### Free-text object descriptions
···

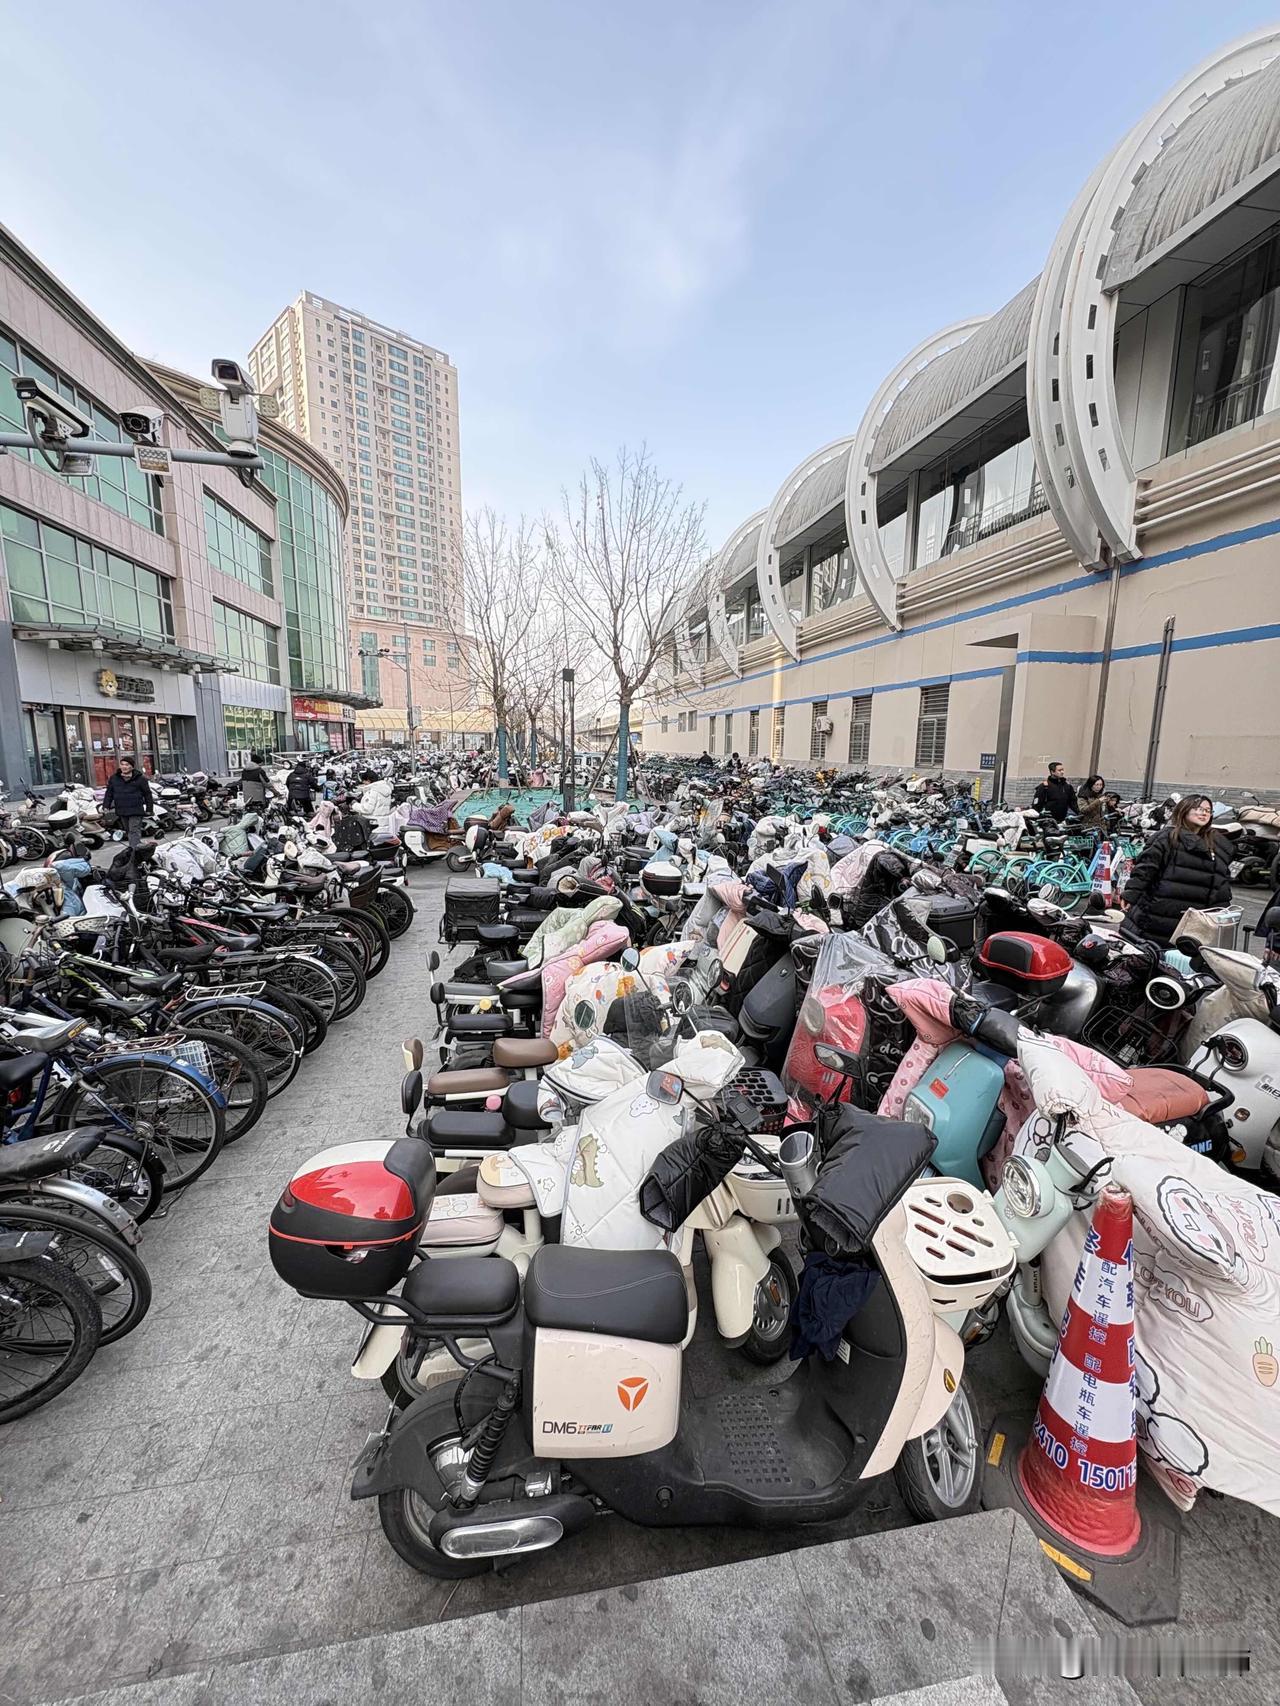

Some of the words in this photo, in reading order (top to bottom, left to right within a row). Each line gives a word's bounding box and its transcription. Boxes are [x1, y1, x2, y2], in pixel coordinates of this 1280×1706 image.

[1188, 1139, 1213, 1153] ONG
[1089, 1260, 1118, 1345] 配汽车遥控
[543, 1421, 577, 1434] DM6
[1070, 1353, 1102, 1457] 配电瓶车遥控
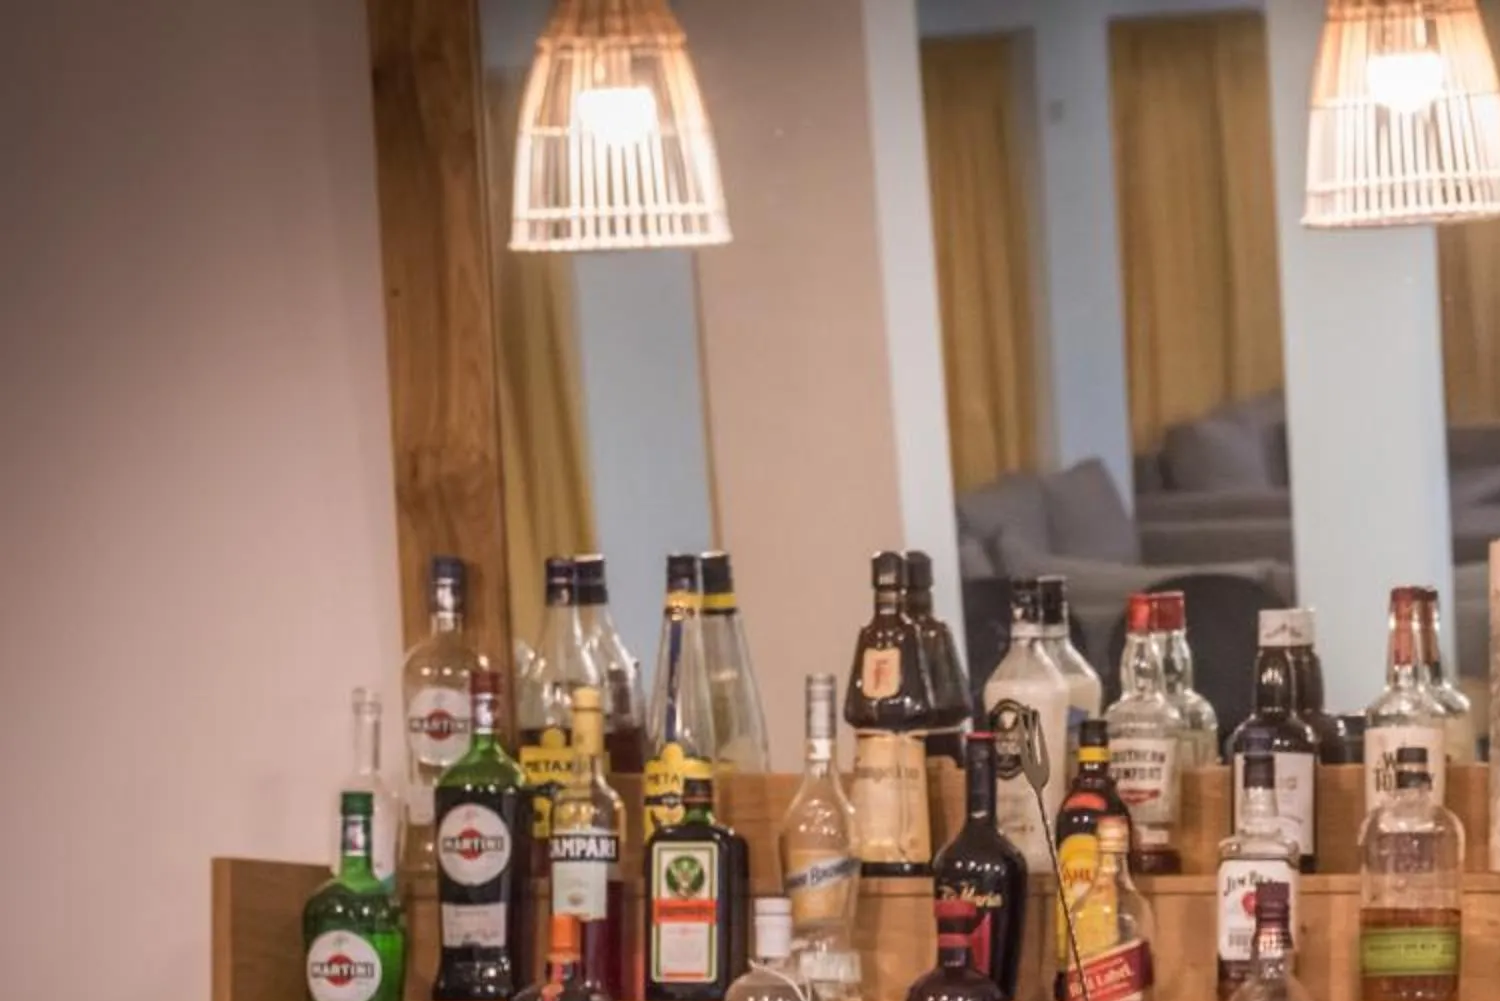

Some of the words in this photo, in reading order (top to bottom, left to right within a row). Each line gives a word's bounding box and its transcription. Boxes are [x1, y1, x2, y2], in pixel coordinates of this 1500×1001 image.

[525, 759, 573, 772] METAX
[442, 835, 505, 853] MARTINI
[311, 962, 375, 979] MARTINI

···

### HOW TO COMPLETE THIS TASK
Output the records above exactly as written, but leave out the pictures.

### THE ANSWER
Some of the words in this photo, in reading order (top to bottom, left to right within a row). Each line gives a word's bounding box and its transcription. Boxes are [x1, y1, x2, y2], in pixel coordinates of this 1280×1706 image.

[1188, 1139, 1213, 1153] ONG
[1089, 1260, 1118, 1345] 配汽车遥控
[543, 1421, 577, 1434] DM6
[1070, 1353, 1102, 1457] 配电瓶车遥控

Some of the words in this photo, in reading order (top to bottom, left to right within a row). Each line gives a word's bounding box and its transcription. Boxes are [x1, y1, x2, y2], in pixel coordinates of this 1500×1001 image.

[525, 759, 573, 772] METAX
[442, 835, 505, 853] MARTINI
[311, 962, 375, 979] MARTINI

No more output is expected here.